Records contained in a dataset:
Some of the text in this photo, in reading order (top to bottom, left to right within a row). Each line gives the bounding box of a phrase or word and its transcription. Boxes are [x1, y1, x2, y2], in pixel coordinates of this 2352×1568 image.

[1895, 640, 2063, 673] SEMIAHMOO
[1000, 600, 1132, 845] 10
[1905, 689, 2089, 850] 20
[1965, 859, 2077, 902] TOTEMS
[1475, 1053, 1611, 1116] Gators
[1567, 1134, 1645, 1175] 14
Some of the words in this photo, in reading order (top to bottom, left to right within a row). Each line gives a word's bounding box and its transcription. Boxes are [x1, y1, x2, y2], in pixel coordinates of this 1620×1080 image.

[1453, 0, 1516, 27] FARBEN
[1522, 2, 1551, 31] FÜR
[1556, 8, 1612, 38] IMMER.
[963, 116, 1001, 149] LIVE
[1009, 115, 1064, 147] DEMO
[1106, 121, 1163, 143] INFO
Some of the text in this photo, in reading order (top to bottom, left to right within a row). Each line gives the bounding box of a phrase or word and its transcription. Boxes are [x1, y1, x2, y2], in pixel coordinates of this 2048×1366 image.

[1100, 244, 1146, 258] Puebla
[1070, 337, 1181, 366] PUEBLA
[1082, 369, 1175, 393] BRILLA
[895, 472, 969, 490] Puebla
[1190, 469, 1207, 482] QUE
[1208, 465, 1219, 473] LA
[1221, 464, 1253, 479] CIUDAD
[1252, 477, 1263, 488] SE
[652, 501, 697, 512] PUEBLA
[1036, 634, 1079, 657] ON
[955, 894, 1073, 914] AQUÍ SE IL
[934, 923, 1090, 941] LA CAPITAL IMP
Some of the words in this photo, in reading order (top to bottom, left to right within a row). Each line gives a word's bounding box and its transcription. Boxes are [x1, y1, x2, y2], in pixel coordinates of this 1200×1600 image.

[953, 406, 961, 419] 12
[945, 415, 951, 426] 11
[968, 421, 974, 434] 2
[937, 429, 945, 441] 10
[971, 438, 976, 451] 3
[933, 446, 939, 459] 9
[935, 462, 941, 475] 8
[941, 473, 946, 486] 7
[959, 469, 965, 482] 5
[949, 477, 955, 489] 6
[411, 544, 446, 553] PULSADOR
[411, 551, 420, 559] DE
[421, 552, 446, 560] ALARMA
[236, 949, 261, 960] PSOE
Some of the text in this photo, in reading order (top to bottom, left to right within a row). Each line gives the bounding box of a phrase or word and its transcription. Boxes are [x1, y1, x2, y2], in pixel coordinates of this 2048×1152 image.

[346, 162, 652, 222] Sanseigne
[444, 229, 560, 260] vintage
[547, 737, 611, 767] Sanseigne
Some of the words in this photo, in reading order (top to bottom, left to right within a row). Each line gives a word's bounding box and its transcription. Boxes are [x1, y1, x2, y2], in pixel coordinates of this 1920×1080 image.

### Your objective
Which lines run from the one containing "this 1200×1600 image." to the end of the records? Transcribe exactly those, both ends included.

### Finished task
Some of the words in this photo, in reading order (top to bottom, left to right within a row). Each line gives a word's bounding box and its transcription. Boxes are [x1, y1, x2, y2], in pixel coordinates of this 1200×1600 image.

[953, 406, 961, 419] 12
[945, 415, 951, 426] 11
[968, 421, 974, 434] 2
[937, 429, 945, 441] 10
[971, 438, 976, 451] 3
[933, 446, 939, 459] 9
[935, 462, 941, 475] 8
[941, 473, 946, 486] 7
[959, 469, 965, 482] 5
[949, 477, 955, 489] 6
[411, 544, 446, 553] PULSADOR
[411, 551, 420, 559] DE
[421, 552, 446, 560] ALARMA
[236, 949, 261, 960] PSOE
Some of the text in this photo, in reading order (top to bottom, left to right within a row). Each line gives the bounding box of a phrase or word and its transcription. Boxes are [x1, y1, x2, y2], in pixel coordinates of this 2048×1152 image.

[346, 162, 652, 222] Sanseigne
[444, 229, 560, 260] vintage
[547, 737, 611, 767] Sanseigne
Some of the words in this photo, in reading order (top to bottom, left to right within a row). Each line gives a word's bounding box and its transcription. Boxes are [x1, y1, x2, y2], in pixel coordinates of this 1920×1080 image.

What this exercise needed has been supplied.